» **EXERCISE**
Below are the records; restate all of them exactly.

» **Items listed in a dataset**
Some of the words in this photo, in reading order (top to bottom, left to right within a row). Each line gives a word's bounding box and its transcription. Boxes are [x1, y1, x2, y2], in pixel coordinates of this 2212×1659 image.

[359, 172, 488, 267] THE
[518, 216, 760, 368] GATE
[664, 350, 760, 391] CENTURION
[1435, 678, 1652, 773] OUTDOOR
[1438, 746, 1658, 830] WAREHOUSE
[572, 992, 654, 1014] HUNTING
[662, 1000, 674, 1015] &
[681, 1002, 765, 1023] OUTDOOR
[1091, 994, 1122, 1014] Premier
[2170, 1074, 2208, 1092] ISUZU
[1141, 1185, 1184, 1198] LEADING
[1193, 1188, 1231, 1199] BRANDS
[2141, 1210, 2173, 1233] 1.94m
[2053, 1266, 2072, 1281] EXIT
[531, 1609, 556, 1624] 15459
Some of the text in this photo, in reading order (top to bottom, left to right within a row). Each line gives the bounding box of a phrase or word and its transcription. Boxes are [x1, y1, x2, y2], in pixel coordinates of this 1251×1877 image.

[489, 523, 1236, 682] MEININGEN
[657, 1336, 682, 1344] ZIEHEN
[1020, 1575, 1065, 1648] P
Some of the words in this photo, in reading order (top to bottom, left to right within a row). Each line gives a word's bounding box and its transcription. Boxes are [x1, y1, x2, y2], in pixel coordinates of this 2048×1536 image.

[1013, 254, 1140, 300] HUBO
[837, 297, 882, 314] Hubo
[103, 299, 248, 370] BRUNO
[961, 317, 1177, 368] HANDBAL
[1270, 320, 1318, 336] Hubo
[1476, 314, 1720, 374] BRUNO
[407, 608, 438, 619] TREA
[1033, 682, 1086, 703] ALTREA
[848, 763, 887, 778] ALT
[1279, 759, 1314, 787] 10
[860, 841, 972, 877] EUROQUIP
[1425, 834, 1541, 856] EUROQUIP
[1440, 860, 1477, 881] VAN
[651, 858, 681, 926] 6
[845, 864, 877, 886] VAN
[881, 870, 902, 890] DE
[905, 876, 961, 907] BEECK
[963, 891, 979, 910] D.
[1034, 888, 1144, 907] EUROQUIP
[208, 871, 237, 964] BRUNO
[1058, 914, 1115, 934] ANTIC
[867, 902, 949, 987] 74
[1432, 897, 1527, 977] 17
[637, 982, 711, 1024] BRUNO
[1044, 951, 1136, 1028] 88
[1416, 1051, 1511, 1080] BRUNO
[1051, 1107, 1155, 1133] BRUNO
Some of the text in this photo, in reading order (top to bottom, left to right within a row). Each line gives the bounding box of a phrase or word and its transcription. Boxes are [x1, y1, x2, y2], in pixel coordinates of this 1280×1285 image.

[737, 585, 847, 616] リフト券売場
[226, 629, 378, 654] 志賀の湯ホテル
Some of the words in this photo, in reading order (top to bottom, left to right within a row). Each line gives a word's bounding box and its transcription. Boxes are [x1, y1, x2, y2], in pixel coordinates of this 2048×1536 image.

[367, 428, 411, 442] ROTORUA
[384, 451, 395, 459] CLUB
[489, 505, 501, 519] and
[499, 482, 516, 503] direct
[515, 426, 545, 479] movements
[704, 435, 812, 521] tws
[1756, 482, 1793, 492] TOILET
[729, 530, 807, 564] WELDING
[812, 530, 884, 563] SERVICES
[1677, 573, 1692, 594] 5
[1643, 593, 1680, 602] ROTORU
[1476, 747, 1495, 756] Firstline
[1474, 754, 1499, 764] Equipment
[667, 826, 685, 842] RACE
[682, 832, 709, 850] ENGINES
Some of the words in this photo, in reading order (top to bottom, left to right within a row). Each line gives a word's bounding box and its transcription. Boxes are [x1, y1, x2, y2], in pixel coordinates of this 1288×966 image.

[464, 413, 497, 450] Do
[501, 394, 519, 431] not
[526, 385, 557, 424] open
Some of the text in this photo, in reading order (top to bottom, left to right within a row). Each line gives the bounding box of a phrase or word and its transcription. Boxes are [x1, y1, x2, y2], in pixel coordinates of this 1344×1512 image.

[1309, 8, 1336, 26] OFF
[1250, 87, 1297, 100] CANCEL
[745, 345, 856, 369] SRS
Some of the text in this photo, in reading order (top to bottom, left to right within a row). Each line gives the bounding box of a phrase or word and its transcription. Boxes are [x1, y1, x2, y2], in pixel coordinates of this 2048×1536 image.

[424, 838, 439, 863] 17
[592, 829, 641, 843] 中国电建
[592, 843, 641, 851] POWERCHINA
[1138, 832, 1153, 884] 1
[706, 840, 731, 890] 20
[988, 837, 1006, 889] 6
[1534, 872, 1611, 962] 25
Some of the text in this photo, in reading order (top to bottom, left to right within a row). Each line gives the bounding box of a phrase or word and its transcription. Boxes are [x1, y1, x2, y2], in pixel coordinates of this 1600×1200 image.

» **REPLY**
Some of the words in this photo, in reading order (top to bottom, left to right within a row). Each line gives a word's bounding box and its transcription. Boxes are [x1, y1, x2, y2], in pixel coordinates of this 2212×1659 image.

[359, 172, 488, 267] THE
[518, 216, 760, 368] GATE
[664, 350, 760, 391] CENTURION
[1435, 678, 1652, 773] OUTDOOR
[1438, 746, 1658, 830] WAREHOUSE
[572, 992, 654, 1014] HUNTING
[662, 1000, 674, 1015] &
[681, 1002, 765, 1023] OUTDOOR
[1091, 994, 1122, 1014] Premier
[2170, 1074, 2208, 1092] ISUZU
[1141, 1185, 1184, 1198] LEADING
[1193, 1188, 1231, 1199] BRANDS
[2141, 1210, 2173, 1233] 1.94m
[2053, 1266, 2072, 1281] EXIT
[531, 1609, 556, 1624] 15459
Some of the text in this photo, in reading order (top to bottom, left to right within a row). Each line gives the bounding box of a phrase or word and its transcription. Boxes are [x1, y1, x2, y2], in pixel coordinates of this 1251×1877 image.

[489, 523, 1236, 682] MEININGEN
[657, 1336, 682, 1344] ZIEHEN
[1020, 1575, 1065, 1648] P
Some of the words in this photo, in reading order (top to bottom, left to right within a row). Each line gives a word's bounding box and its transcription. Boxes are [x1, y1, x2, y2], in pixel coordinates of this 2048×1536 image.

[1013, 254, 1140, 300] HUBO
[837, 297, 882, 314] Hubo
[103, 299, 248, 370] BRUNO
[961, 317, 1177, 368] HANDBAL
[1270, 320, 1318, 336] Hubo
[1476, 314, 1720, 374] BRUNO
[407, 608, 438, 619] TREA
[1033, 682, 1086, 703] ALTREA
[848, 763, 887, 778] ALT
[1279, 759, 1314, 787] 10
[860, 841, 972, 877] EUROQUIP
[1425, 834, 1541, 856] EUROQUIP
[1440, 860, 1477, 881] VAN
[651, 858, 681, 926] 6
[845, 864, 877, 886] VAN
[881, 870, 902, 890] DE
[905, 876, 961, 907] BEECK
[963, 891, 979, 910] D.
[1034, 888, 1144, 907] EUROQUIP
[208, 871, 237, 964] BRUNO
[1058, 914, 1115, 934] ANTIC
[867, 902, 949, 987] 74
[1432, 897, 1527, 977] 17
[637, 982, 711, 1024] BRUNO
[1044, 951, 1136, 1028] 88
[1416, 1051, 1511, 1080] BRUNO
[1051, 1107, 1155, 1133] BRUNO
Some of the text in this photo, in reading order (top to bottom, left to right within a row). Each line gives the bounding box of a phrase or word and its transcription. Boxes are [x1, y1, x2, y2], in pixel coordinates of this 1280×1285 image.

[737, 585, 847, 616] リフト券売場
[226, 629, 378, 654] 志賀の湯ホテル
Some of the words in this photo, in reading order (top to bottom, left to right within a row). Each line gives a word's bounding box and its transcription. Boxes are [x1, y1, x2, y2], in pixel coordinates of this 2048×1536 image.

[367, 428, 411, 442] ROTORUA
[384, 451, 395, 459] CLUB
[489, 505, 501, 519] and
[499, 482, 516, 503] direct
[515, 426, 545, 479] movements
[704, 435, 812, 521] tws
[1756, 482, 1793, 492] TOILET
[729, 530, 807, 564] WELDING
[812, 530, 884, 563] SERVICES
[1677, 573, 1692, 594] 5
[1643, 593, 1680, 602] ROTORU
[1476, 747, 1495, 756] Firstline
[1474, 754, 1499, 764] Equipment
[667, 826, 685, 842] RACE
[682, 832, 709, 850] ENGINES
Some of the words in this photo, in reading order (top to bottom, left to right within a row). Each line gives a word's bounding box and its transcription. Boxes are [x1, y1, x2, y2], in pixel coordinates of this 1288×966 image.

[464, 413, 497, 450] Do
[501, 394, 519, 431] not
[526, 385, 557, 424] open
Some of the text in this photo, in reading order (top to bottom, left to right within a row). Each line gives the bounding box of a phrase or word and its transcription. Boxes are [x1, y1, x2, y2], in pixel coordinates of this 1344×1512 image.

[1309, 8, 1336, 26] OFF
[1250, 87, 1297, 100] CANCEL
[745, 345, 856, 369] SRS
Some of the text in this photo, in reading order (top to bottom, left to right within a row). Each line gives the bounding box of a phrase or word and its transcription. Boxes are [x1, y1, x2, y2], in pixel coordinates of this 2048×1536 image.

[424, 838, 439, 863] 17
[592, 829, 641, 843] 中国电建
[592, 843, 641, 851] POWERCHINA
[1138, 832, 1153, 884] 1
[706, 840, 731, 890] 20
[988, 837, 1006, 889] 6
[1534, 872, 1611, 962] 25
Some of the text in this photo, in reading order (top to bottom, left to right within a row). Each line gives the bounding box of a phrase or word and its transcription. Boxes are [x1, y1, x2, y2], in pixel coordinates of this 1600×1200 image.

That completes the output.